◆ Activity
Transcribe exactly the lines that fall between the one holding "this 1280×1707 image." and the one holding "Some of the text", inclusive, from the entries below.

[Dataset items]
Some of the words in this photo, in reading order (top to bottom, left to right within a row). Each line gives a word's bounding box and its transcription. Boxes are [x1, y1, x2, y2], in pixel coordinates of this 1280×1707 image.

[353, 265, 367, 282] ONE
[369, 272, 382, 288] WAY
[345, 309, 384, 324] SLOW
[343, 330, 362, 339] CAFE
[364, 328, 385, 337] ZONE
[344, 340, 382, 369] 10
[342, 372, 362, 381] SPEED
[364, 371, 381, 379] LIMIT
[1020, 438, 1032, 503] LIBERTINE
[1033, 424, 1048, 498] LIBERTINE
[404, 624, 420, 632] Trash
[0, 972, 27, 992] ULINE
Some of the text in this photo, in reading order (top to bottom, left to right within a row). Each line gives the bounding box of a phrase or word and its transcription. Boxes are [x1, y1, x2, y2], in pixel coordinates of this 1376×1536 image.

--

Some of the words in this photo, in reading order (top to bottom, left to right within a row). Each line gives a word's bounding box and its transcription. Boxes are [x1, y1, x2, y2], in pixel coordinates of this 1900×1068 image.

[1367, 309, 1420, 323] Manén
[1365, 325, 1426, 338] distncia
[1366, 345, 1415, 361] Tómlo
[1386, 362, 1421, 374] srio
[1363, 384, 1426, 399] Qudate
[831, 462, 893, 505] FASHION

--

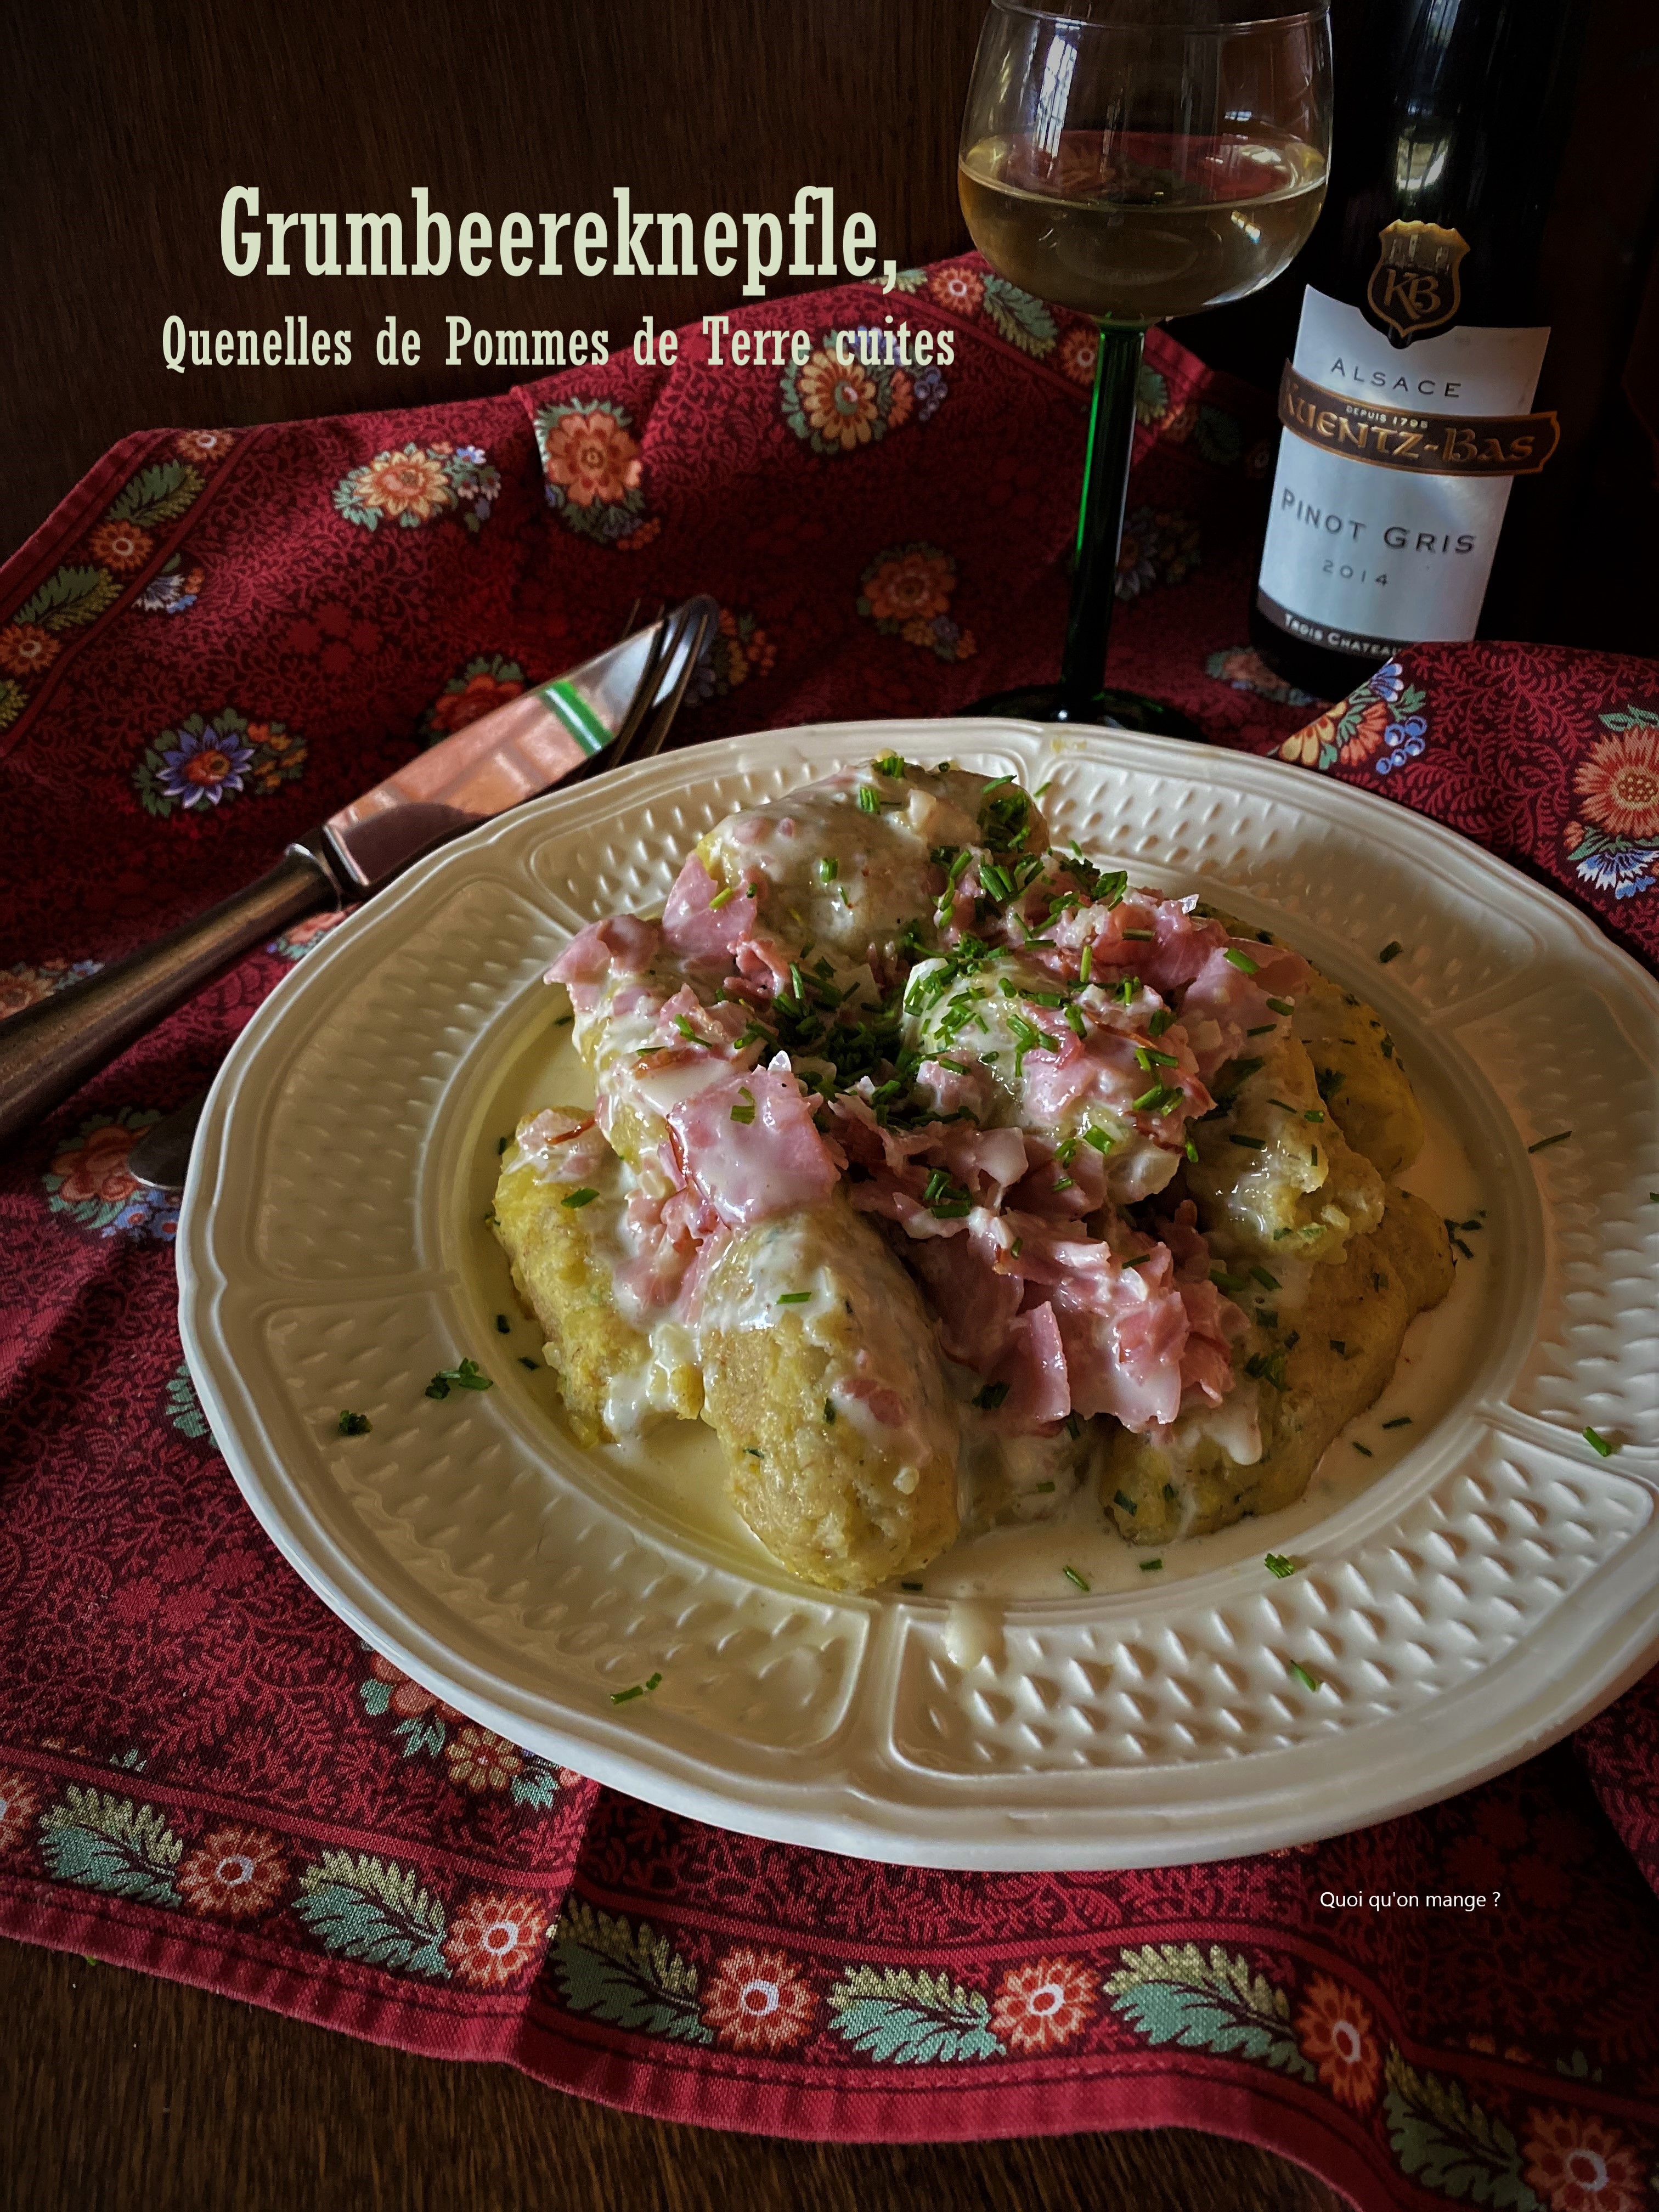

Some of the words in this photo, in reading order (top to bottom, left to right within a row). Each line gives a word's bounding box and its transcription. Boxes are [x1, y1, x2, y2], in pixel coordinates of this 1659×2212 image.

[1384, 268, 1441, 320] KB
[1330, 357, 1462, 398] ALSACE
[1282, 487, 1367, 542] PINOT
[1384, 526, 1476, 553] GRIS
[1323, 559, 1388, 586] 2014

◆ Exercise solution
Some of the words in this photo, in reading order (top to bottom, left to right within a row). Each line gives a word's bounding box and its transcription. Boxes are [x1, y1, x2, y2], in pixel coordinates of this 1280×1707 image.

[353, 265, 367, 282] ONE
[369, 272, 382, 288] WAY
[345, 309, 384, 324] SLOW
[343, 330, 362, 339] CAFE
[364, 328, 385, 337] ZONE
[344, 340, 382, 369] 10
[342, 372, 362, 381] SPEED
[364, 371, 381, 379] LIMIT
[1020, 438, 1032, 503] LIBERTINE
[1033, 424, 1048, 498] LIBERTINE
[404, 624, 420, 632] Trash
[0, 972, 27, 992] ULINE
Some of the text in this photo, in reading order (top to bottom, left to right within a row). Each line gives the bounding box of a phrase or word and its transcription. Boxes are [x1, y1, x2, y2], in pixel coordinates of this 1376×1536 image.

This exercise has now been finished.